Oil is a common metaphor for wisdom. The Greeks did not destroy all of the oil so there was none available. They defiled it and made it unfit for use in the menorah. The objective was to bring in the wisdom of kelipah to make the holy wisdom of Torah impure.2 The Greeks wanted to divorce the Jewish people from G-d, saying, “Write on the horn of an ox [that you have no share in the G-d of Israel].”3

The Tanya (end of chapter 8) explains that unholy wisdom brings more severe impurity than the impurity brought by frivolous negative experiences. Frivolous experiences impact one’s middos (emotive attributes) which can be corrected by increasing in Torah.4 Negative wisdom, however, brings impurity to one’s intellectual qualities – Chochmah, Binah and Daas (wisdom, understanding and knowledge). These qualities are part of the core essence of the G-dly soul and damaging them with negative wisdom can impart a much deeper impurity on the soul.

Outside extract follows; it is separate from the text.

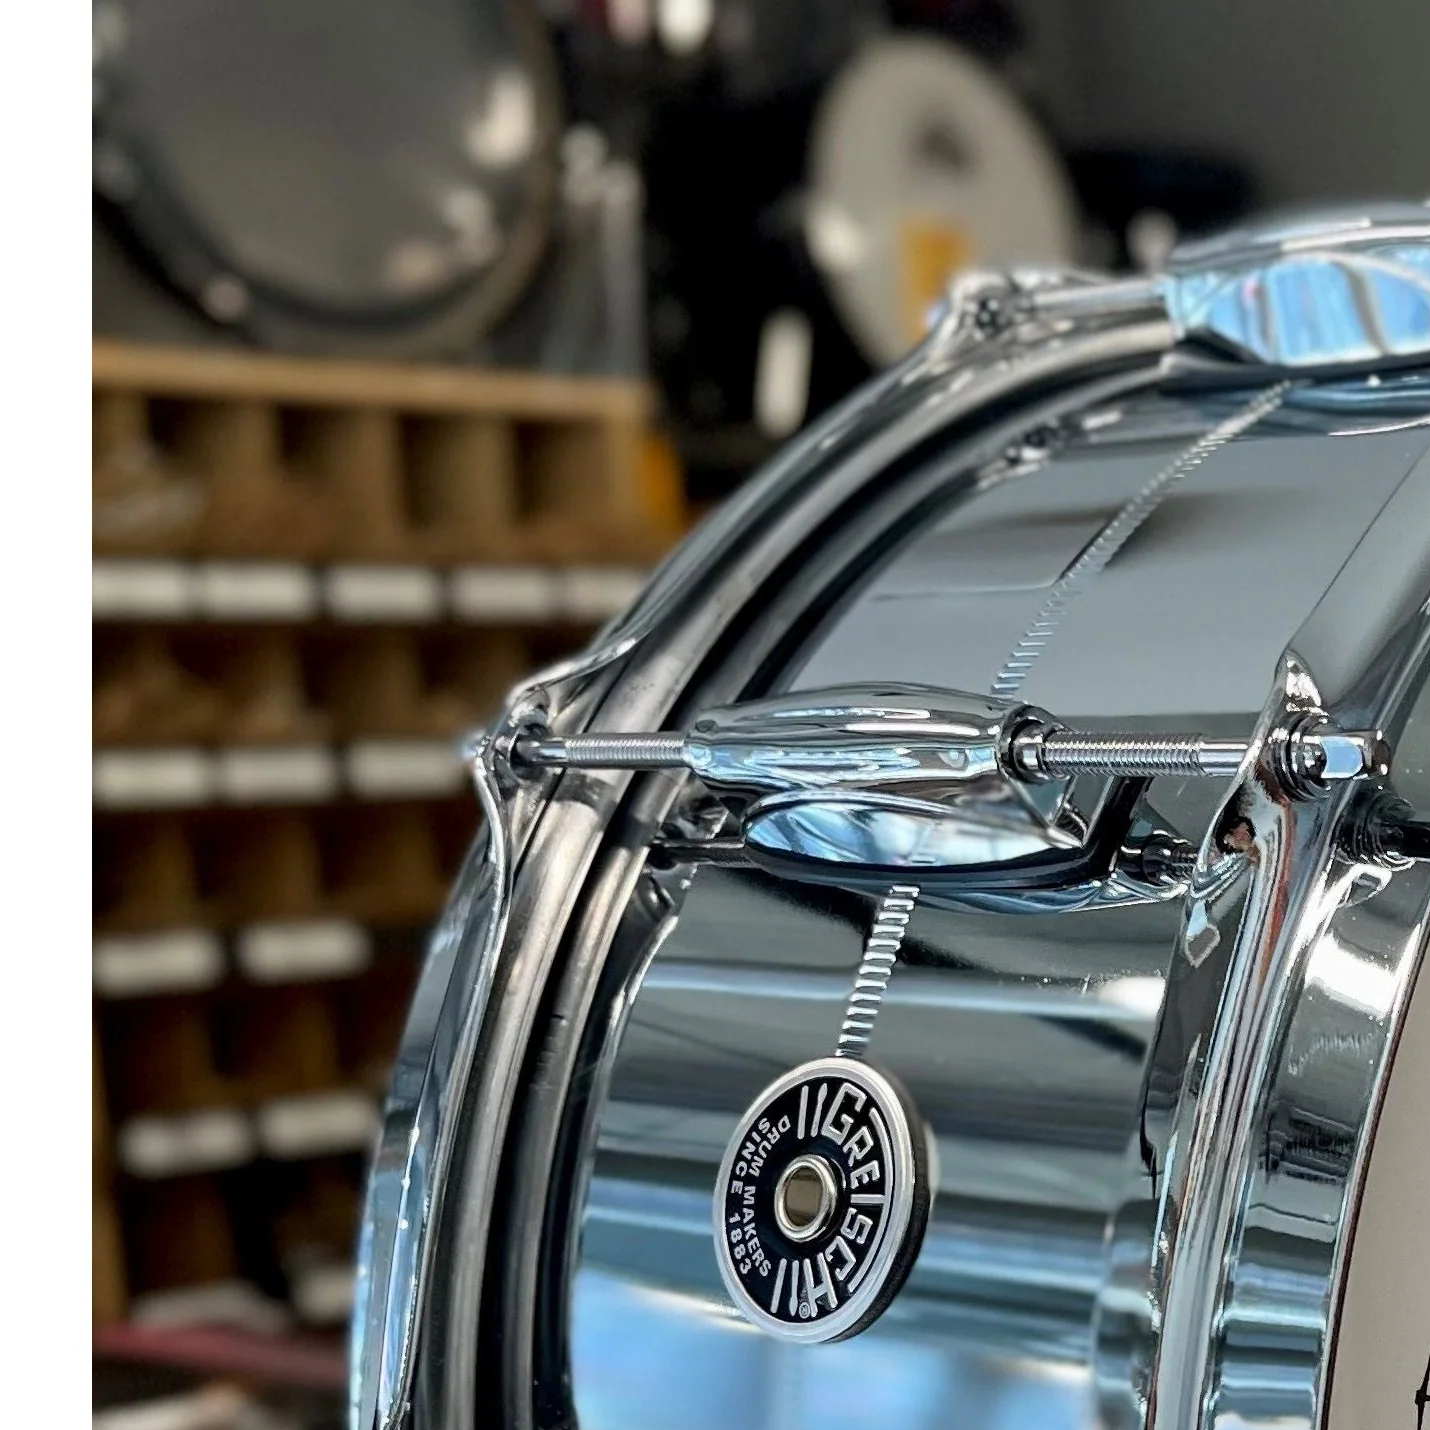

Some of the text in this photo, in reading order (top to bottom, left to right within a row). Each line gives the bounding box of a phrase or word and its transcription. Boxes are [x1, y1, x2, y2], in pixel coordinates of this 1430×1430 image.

[728, 1116, 772, 1276] SINCE 1883
[740, 1114, 792, 1277] DRUM MAKERS
[803, 1081, 892, 1318] GRETSCH

Pure Torah wisdom uplifts the soul and refines one’s characteristics, culminating in the ideal characteristic of being bitul (subservient) to Hashem. On the other hand, impure wisdom brings about the opposite – an increase in self-absorption (yeshus), which is contrary to the Torah.

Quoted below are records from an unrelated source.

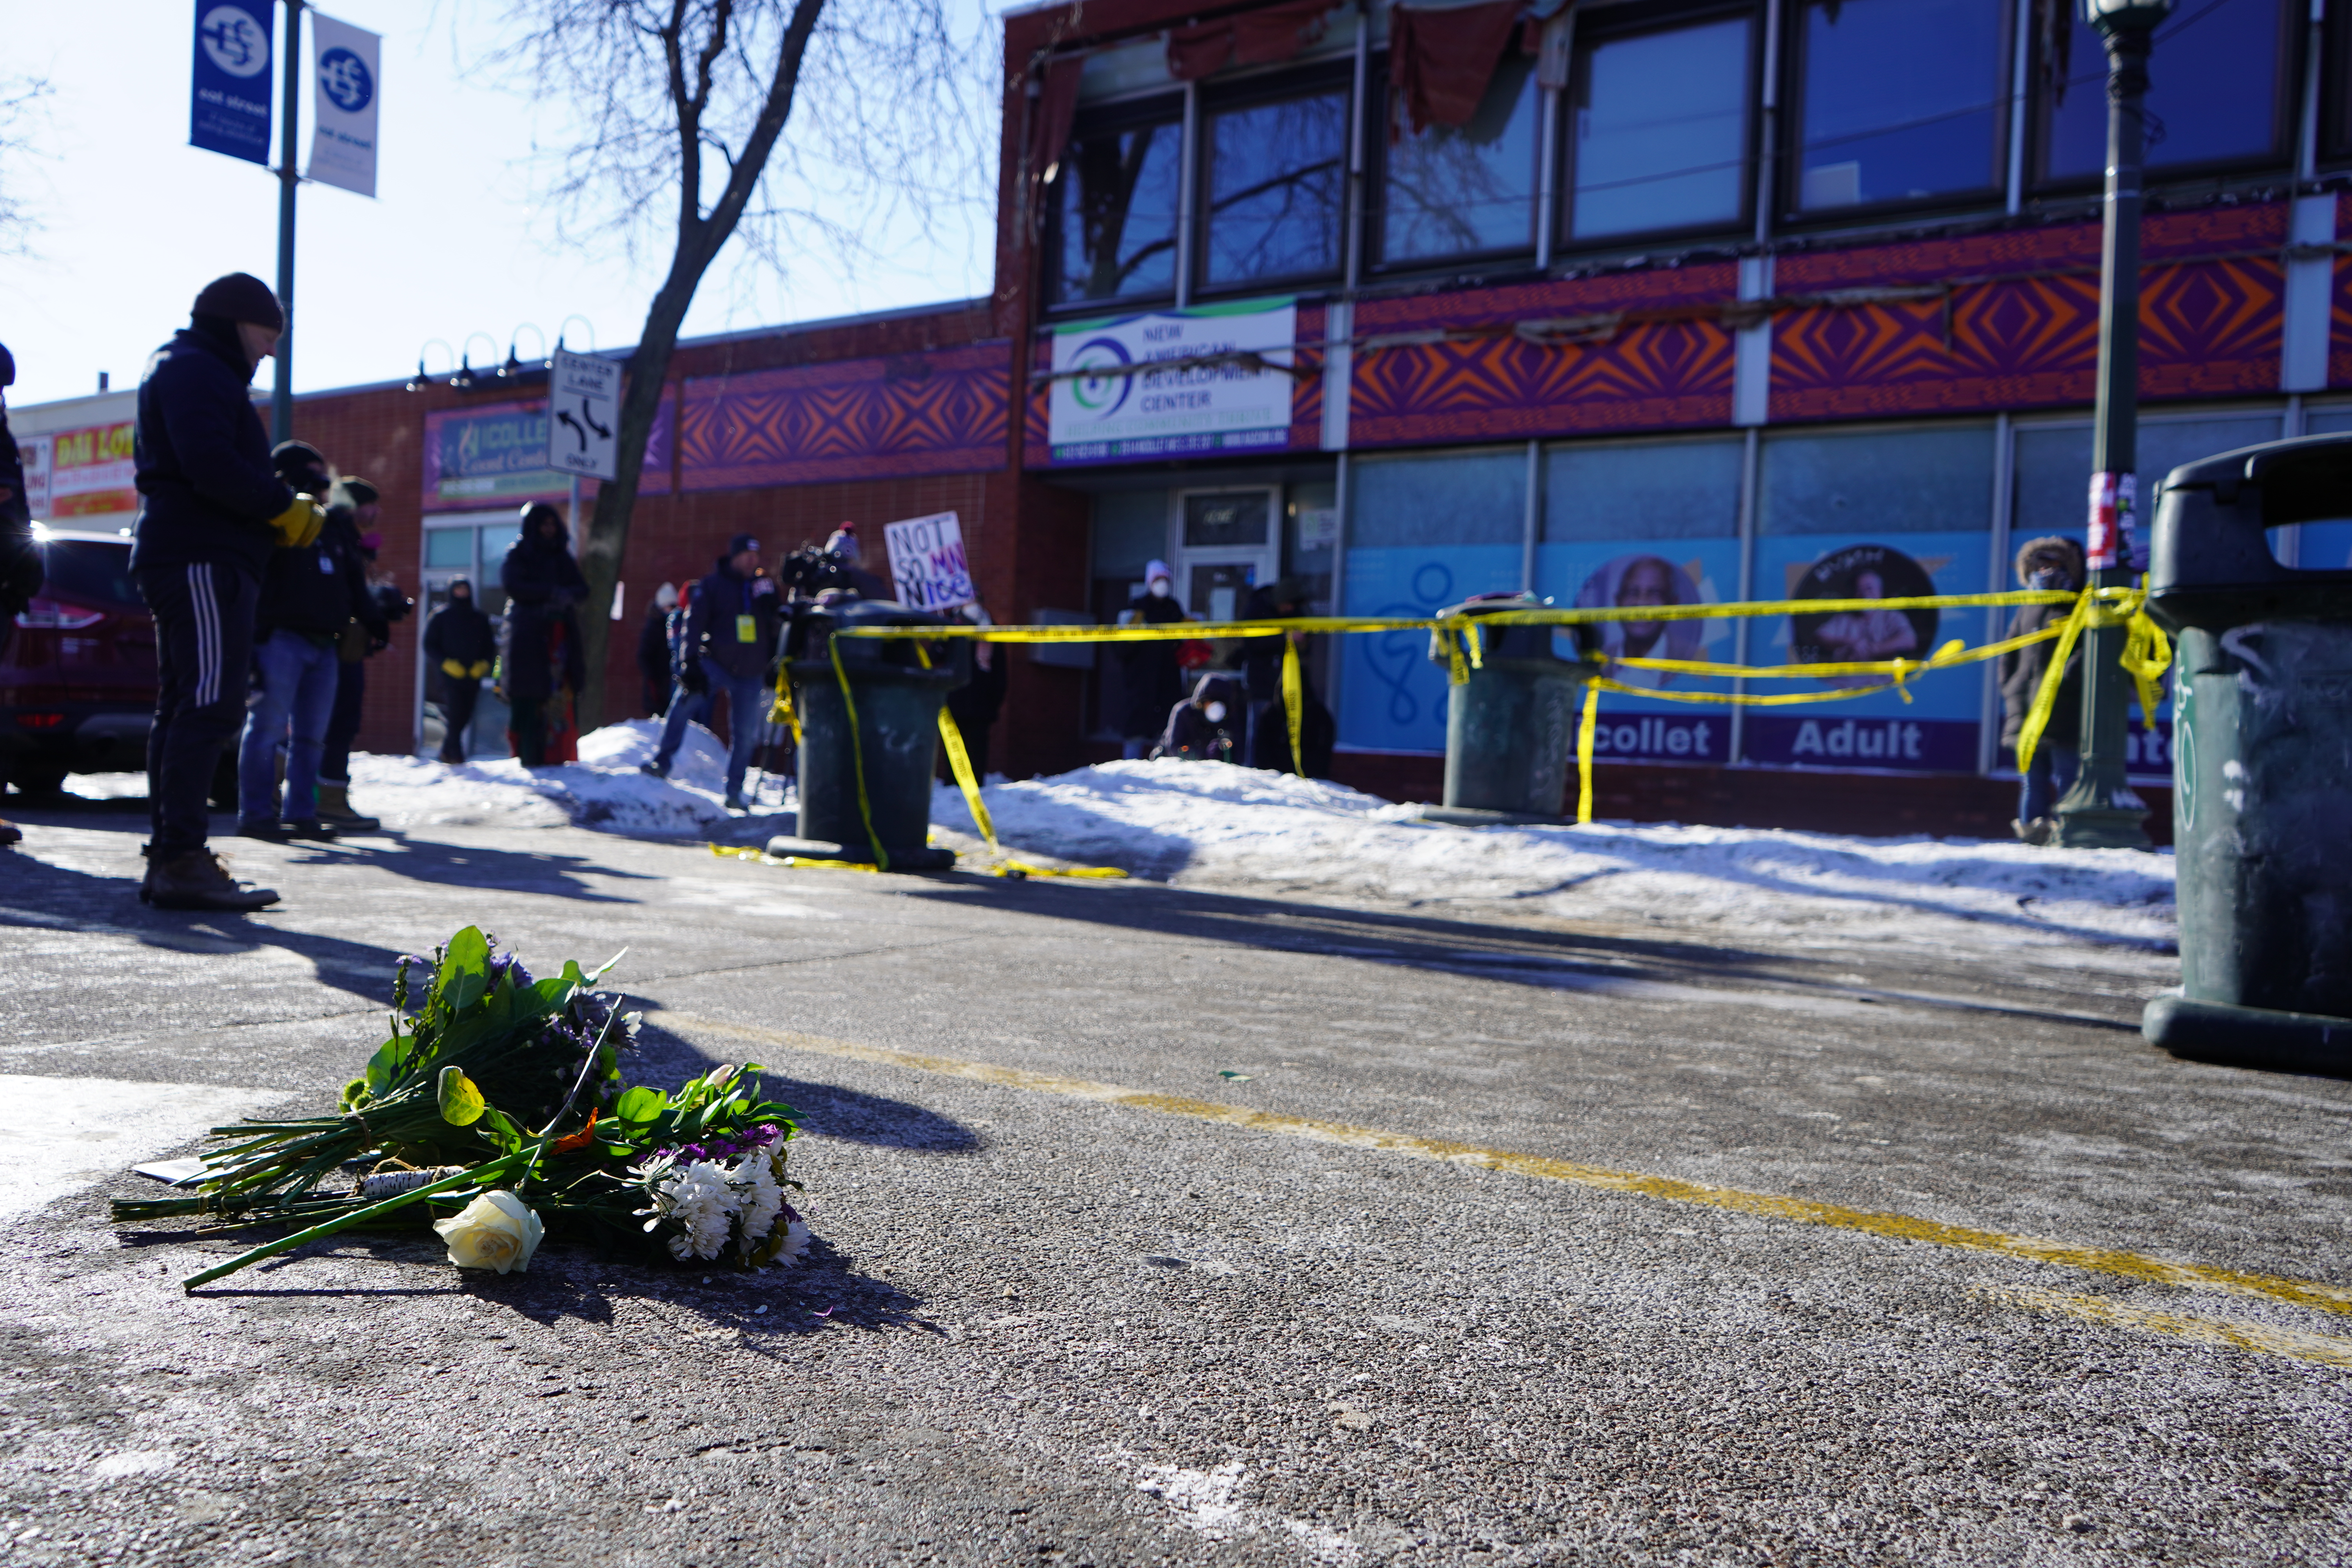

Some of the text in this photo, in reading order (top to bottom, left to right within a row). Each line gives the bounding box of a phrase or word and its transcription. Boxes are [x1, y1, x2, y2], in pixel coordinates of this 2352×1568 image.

[1143, 323, 1185, 343] NEW
[561, 356, 614, 378] CENTER
[567, 373, 604, 392] LANE
[1140, 389, 1213, 413] CENTER
[459, 419, 546, 457] NICOLLE
[891, 515, 952, 556] NOT
[896, 557, 926, 584] SO
[1792, 720, 1923, 759] Adult

The Greeks, representing the sitra achra, wanted to hold sway over the Jews and destroy the bitul of the Torah’s wisdom and replace it with the self-centered approach of secular philosophy. That is why the Maccabees, after their victory over the Greeks, declared that the Chanukah lights should be lit as a symbol of the “light” of “Torah“.5

Just as the Maccabees were victorious over the impure wisdom of the Greeks, we should all be blessed with great success in elevating our G-dly soul over the animal soul and placing Torah wisdom above all other philosophies. May the Jewish people achieve the success of the Maccabees and the dominion of Torah reign supreme with the immediate Redemption and revelation of Moshiach.

1. Cf. Koheles 7:14. See Zohar III, 47b, and Tanya, ch. 6.
2. See Torah Or, p. 41a.
3. Bereishis Rabbah 2:4; 16:7.
4. Torah Or, p. 29a.
5. Shabbos 21b.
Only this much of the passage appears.